Readers respond to Damien Cave's "Dying for God" and Drs. Lynn Ponton and Lawrence H. Diller's "Second Opinions."

Published October 25, 2002 10:34PM (EDT)

[Read "Dying for God," by Damien Cave.]

The author of "The Martyrs of Columbine" states in your interview: "In fact, if you get rid of religion, you get rid of an important resource for questioning all forms of extremism -- a resource that helps society put in a larger, wider perspective."

He never explains how. This statement isn't supported by anything else in the article and should have been pursued in a follow-up question. In fact, much of the rest of the article links religion to extremism, as it should.
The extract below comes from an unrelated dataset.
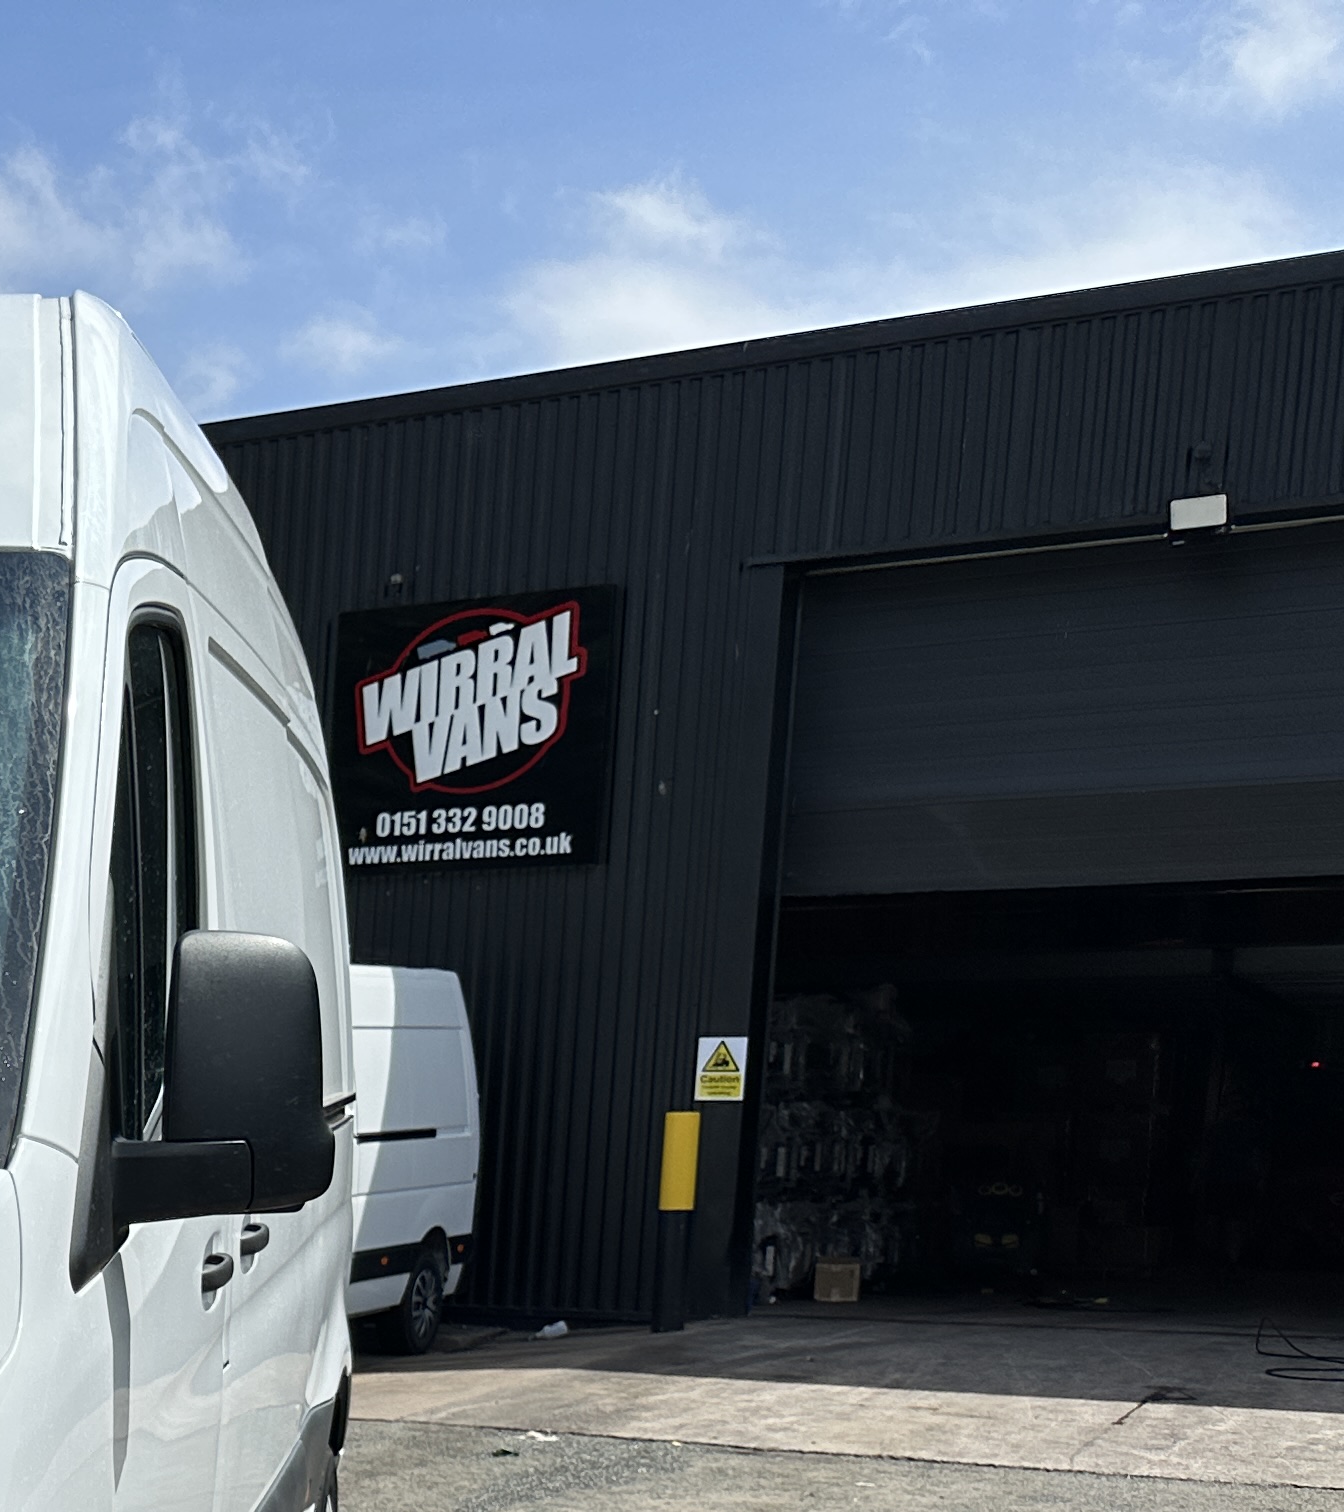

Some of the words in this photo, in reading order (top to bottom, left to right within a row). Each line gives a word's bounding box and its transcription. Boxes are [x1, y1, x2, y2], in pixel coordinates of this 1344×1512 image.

Without supporting reasoning, the rest of his statements are also called into question.

Religion is the main reason for martyrs in the world today. Making excuses for it serves no good purpose.

-- Stefan Krzywicki

Good comment about Falwell not being the spokesman for Christianity. On your attempt to compare "intuition" with "faith" -- there is none. Faith is accepting without having any proof. Intuition is to have cognition, insight and knowledge without evident rational thought and inference, which turns out to be true. You're on the fence.

-- John Anderson

[Read "Dont Bluff!" by Dr. Lawrence H. Diller.]

Dr. Diller is a wimp: "I like to see a take-charge mother from time to time." I fear my mother is from the last generation who automatically took this for granted.

KMR asks: "How can parents effectively use a warning system without delivering false threats?"

Simple. Never deliver a false threat. If you tell the child, "If you do X, I will do Y," then you must be prepared to follow through, with a smile.

Remember, your (small) child is not as savvy as your husband; he is not trying to push your buttons. Your child is merely trying to satisfy his present urge. As his parent, your duty is to train him to suppress his urge, with consistency and love. If you must, drag him through the store: him red-faced and screaming, you with the serenity of Buddha. Or take him from the party early; there will be other parties. He will quickly learn that his behavior cannot 1) persuade you to cave in to his urge, or 2) change your loving attitude toward him. Come to think of it, this attitude will serve you well into the teen years.

Good luck.

-- Scot Billman

[Read "Sex Talk," by Dr. Lynn Ponton.]

The 12-year-old asked her mother a straightforward question. Her mother asked Dr. Ponton a straightforward question. Dr. Ponton yammers about the obvious for two pages, reviews some books, and never answers the question. Let's hope the mother does a better job.

-- Nancy Johnson

Yes, but what should she tell her daughter now?

1. Oral sex is when one person touches another person's genitals with the mouth.

2. Oral sex is sex, and it carries many of the risks of sexually transmitted infections that penile-vaginal sex carries.

3. As such, when oral sex happens, safer sex needs to happen, too.

Keep it directed away from her personally, but really, make it relevant. I'd suggest Scarleteen as a site to look through together and, for a page specific to oral sex, Mouthing Off on Oral Sex.

-- Laurel Martinez

Dr. Ponton's rather long answer to a short question highlights much of what is wrong with sex education these days, especially the brand of sex education children receive in their homes. I was actually shocked that a 12-year-old didn't know what a blow job was, much in the same way I was appalled one summer at camp when a 14-year-old bunkmate confessed she didn't know what an orgasm was. By the time a girl is 12 she's probably giving blow jobs, which means parents missed the boat by several years if they're just getting around to explaining the birds and bees to their preteens and teenagers.

The earlier, the better.

The idea that there's something wrong with oral sex and that it can't be spoken about until a certain age is exactly why so many young teens participate in it way before they are ready.

By the time a child goes to school, someone in his or her class will know how babies are made, and in most schools, long before junior high, the blow job question will be trotted out. So my advice to parents would be the advice it seemed my own parents followed: Wait until you're asked, but not too long. If you have an inquisitive child, terrific; perhaps you can deal with how two men have sex before the kid can do long division. If you have a shy child, think about the worst-case scenario for the age of his or her sexual maturity, subtract four years, and vow to have the Big Talk then.

Talking to an 8-year-old about sex is much less daunting than talking to a 13-year-old who already assumes he or she knows it all. And showing your child that you're not intimidated by the subject will make you seem open and available in ways you never thought possible. That child will remember the frankness you showed him or her at 8 and come to you at 13 or 14 when the stakes are higher.

And to answer the mother's last question, "Does she need to know this now?" I'd like to ask, what's wrong with knowing? The fact that she doesn't know already is cause for concern, because it makes the act all the more appealing as taboo, at an age where every boy she meets is going to want to take her for a test drive. That you would debate not answering her is downright scary. Knowledge never hurt anyone, and likening the knowledge of something to the propensity to doing it is the retarded logic that keeps condoms out of school nurses' offices.